[Records excerpted from a collection]
-- -- --

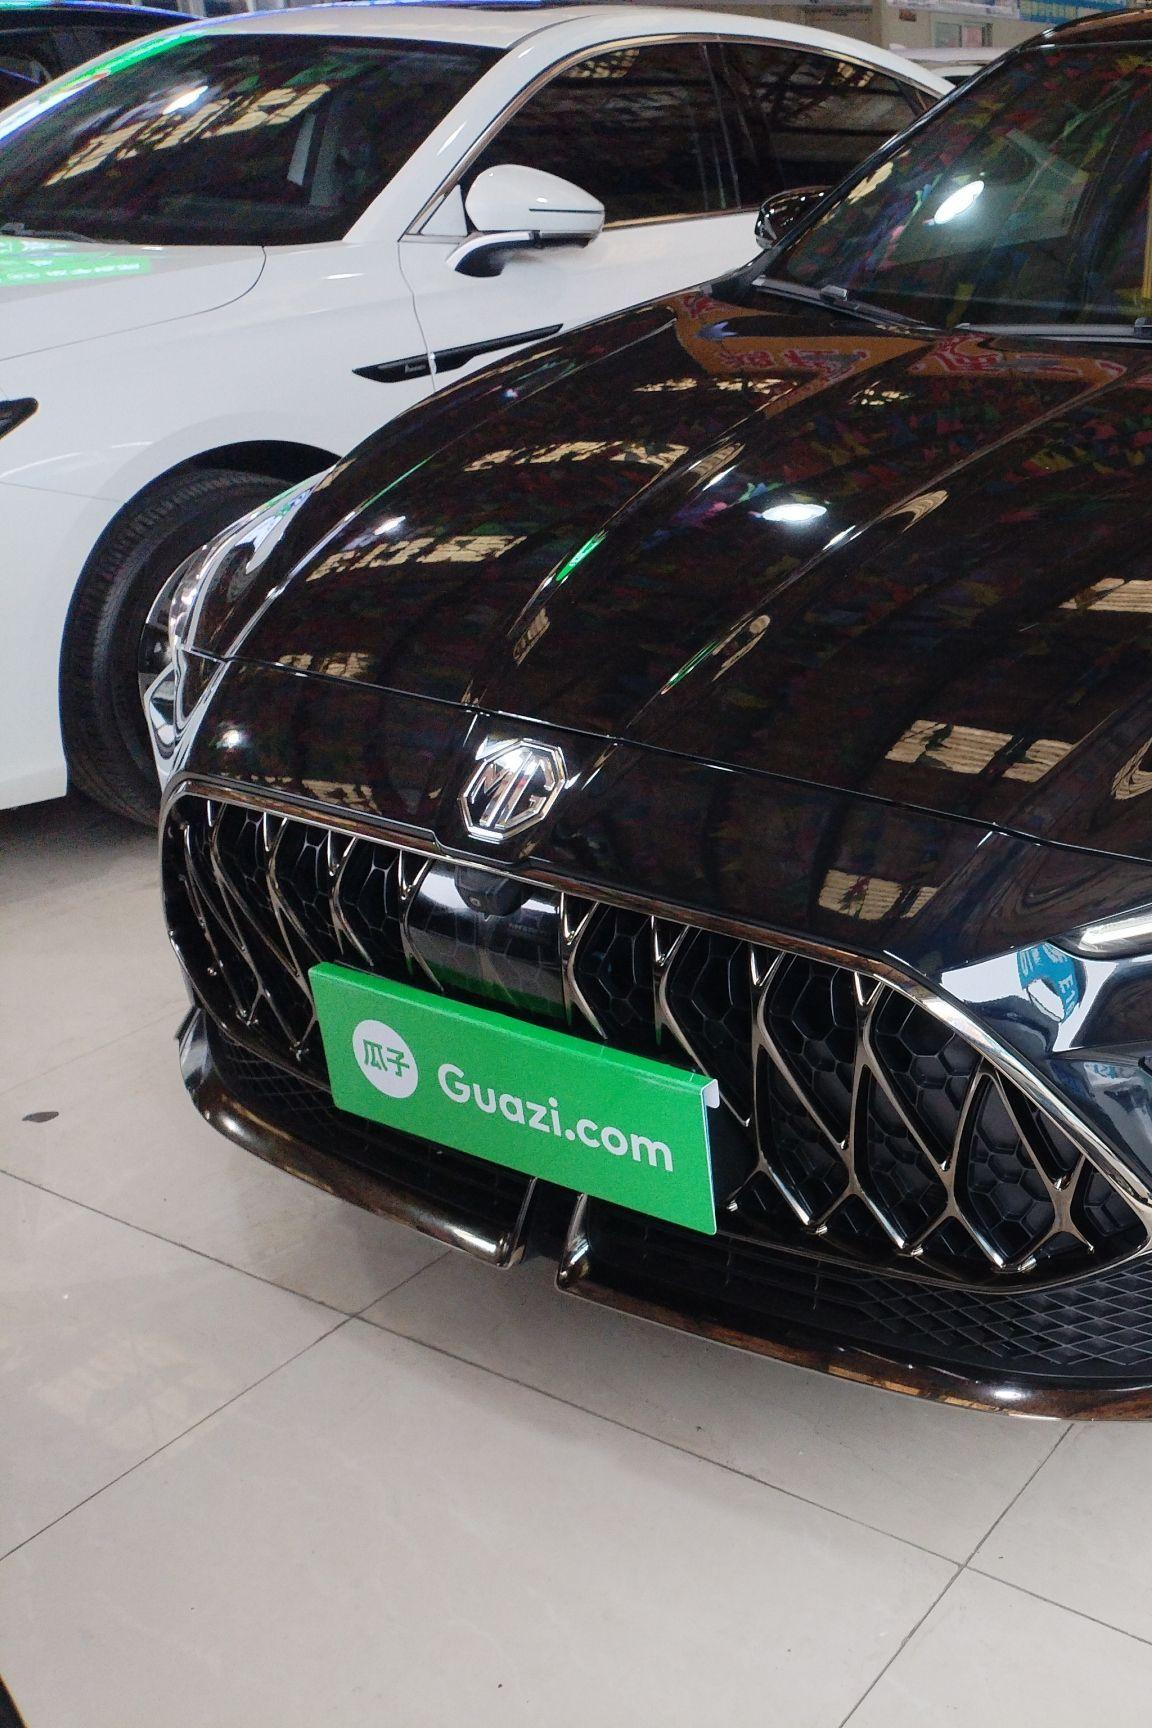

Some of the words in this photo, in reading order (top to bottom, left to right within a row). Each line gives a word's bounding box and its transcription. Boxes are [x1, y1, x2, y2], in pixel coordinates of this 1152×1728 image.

[470, 751, 556, 829] MG
[362, 1038, 410, 1078] 瓜子
[437, 1063, 674, 1173] Guazi.com
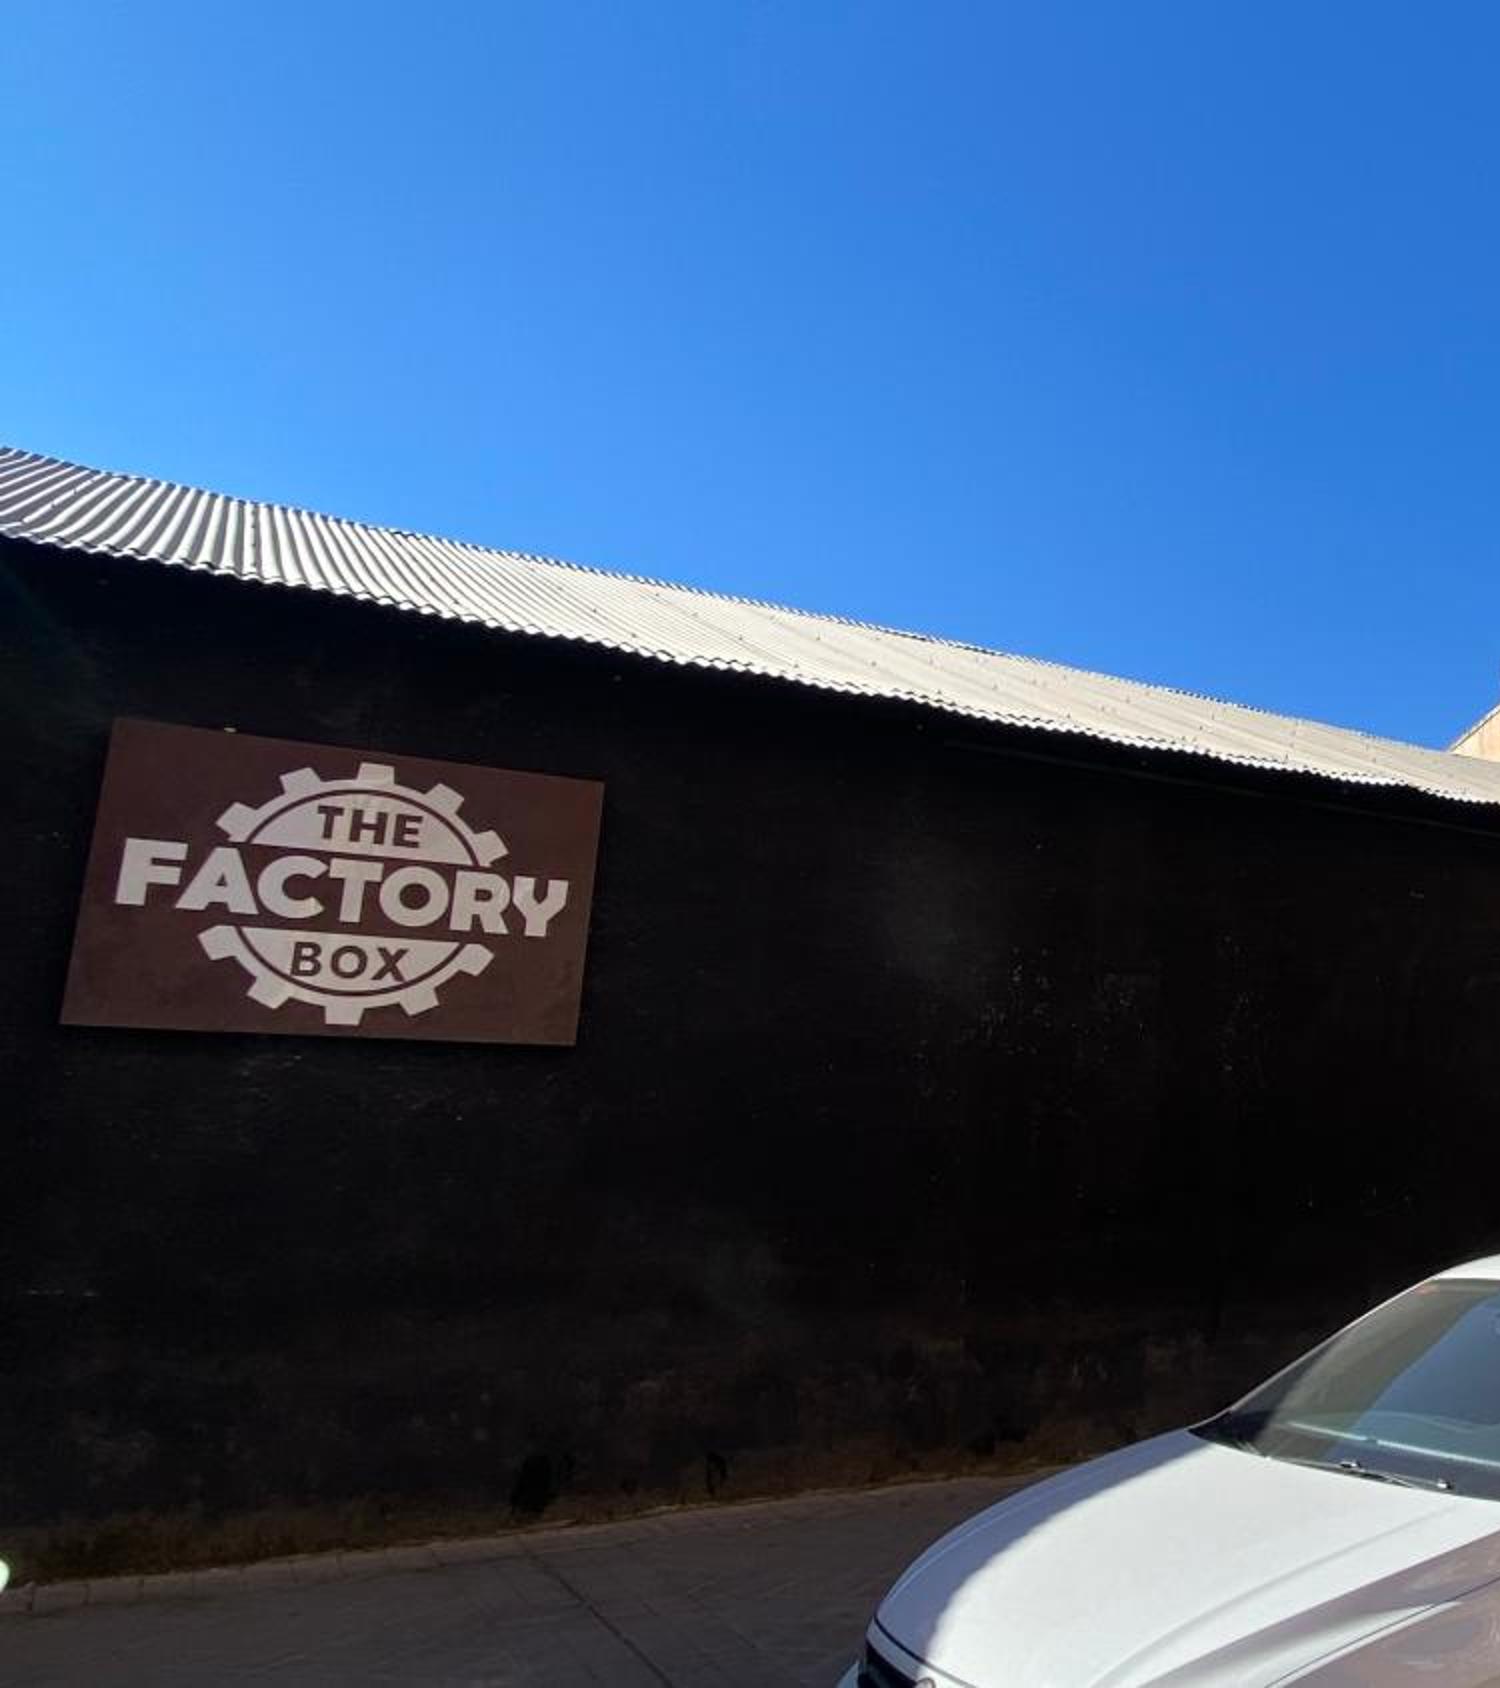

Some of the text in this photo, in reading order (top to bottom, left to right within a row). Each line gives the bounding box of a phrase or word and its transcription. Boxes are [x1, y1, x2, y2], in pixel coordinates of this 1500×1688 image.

[316, 805, 424, 848] THE
[115, 837, 569, 937] FACTORY
[290, 941, 408, 981] BOX
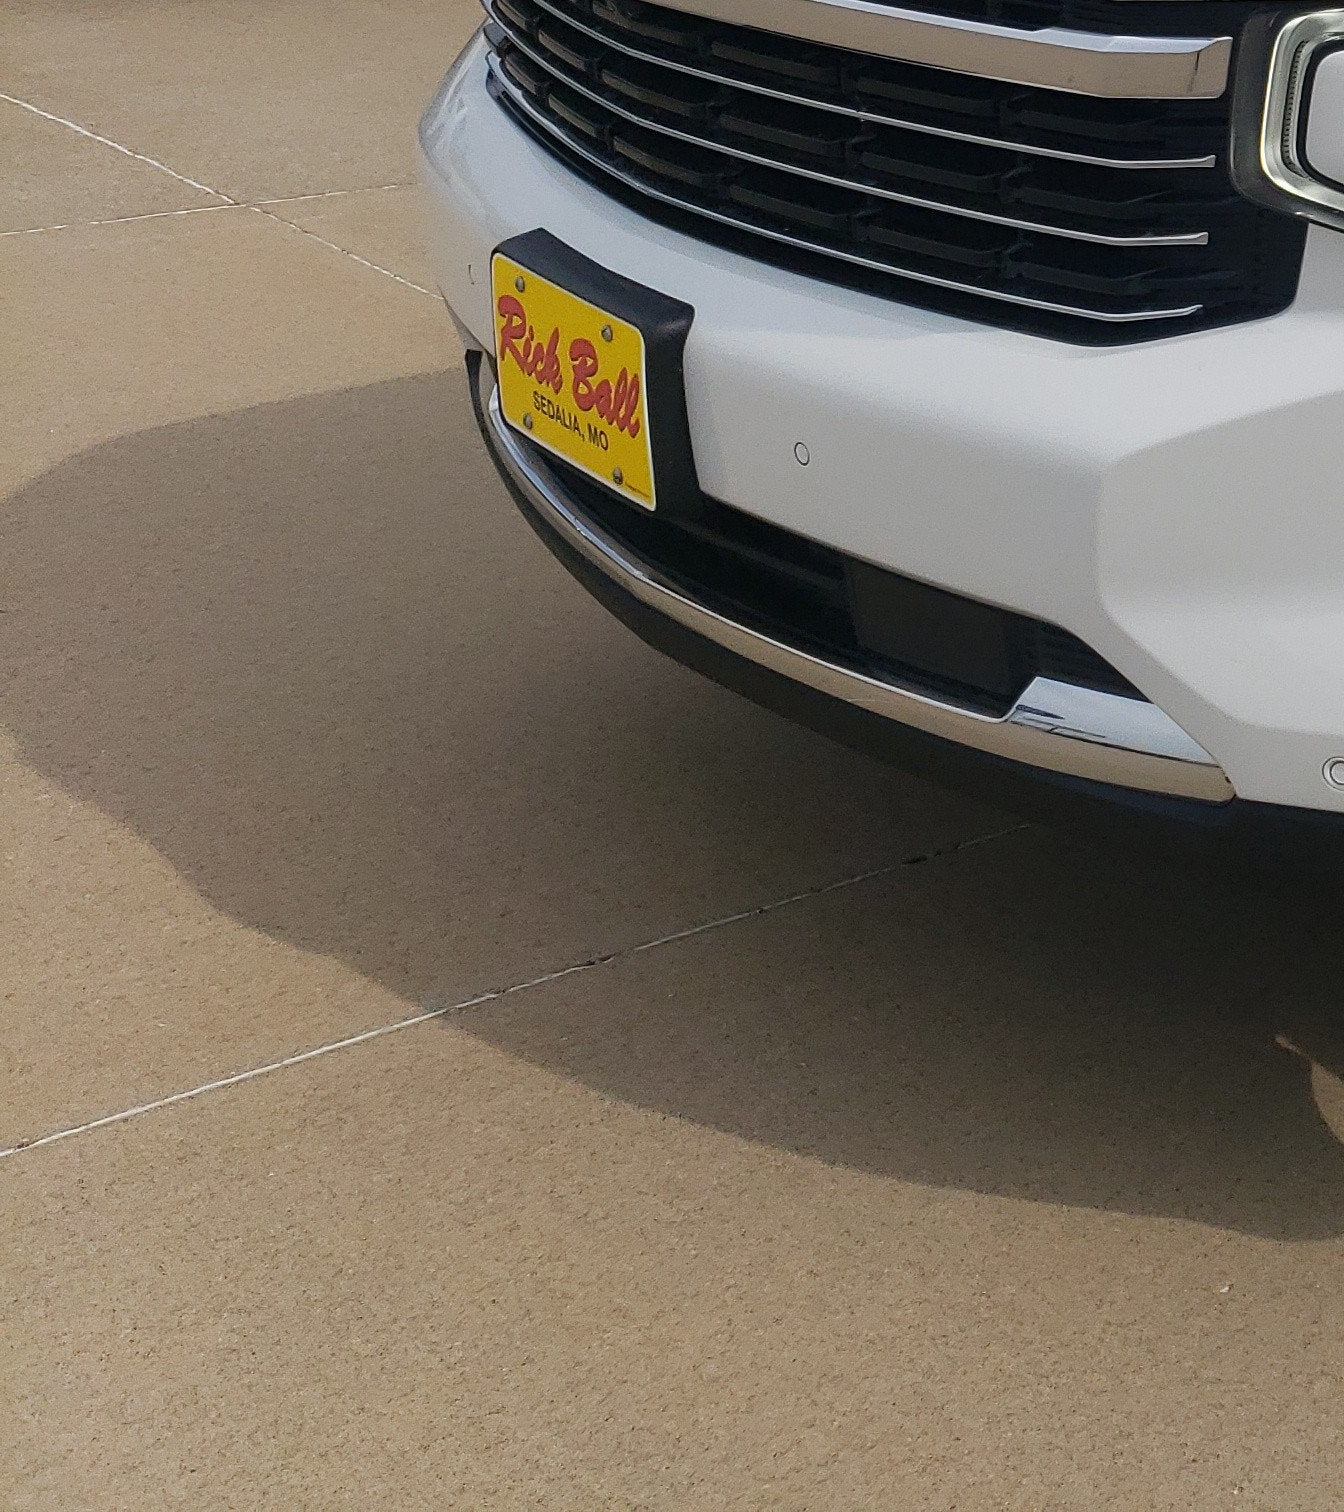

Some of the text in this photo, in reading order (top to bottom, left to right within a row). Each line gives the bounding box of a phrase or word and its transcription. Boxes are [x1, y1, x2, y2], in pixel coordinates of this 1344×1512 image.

[498, 295, 640, 438] Rick Ball
[532, 391, 609, 451] SEDALIA, MO

-- -- --

Copy exactly. Start at the line containing "this 1344×1512 image." and continue through the last line of the records.

Some of the text in this photo, in reading order (top to bottom, left to right within a row). Each line gives the bounding box of a phrase or word and its transcription. Boxes are [x1, y1, x2, y2], in pixel coordinates of this 1344×1512 image.

[498, 295, 640, 438] Rick Ball
[532, 391, 609, 451] SEDALIA, MO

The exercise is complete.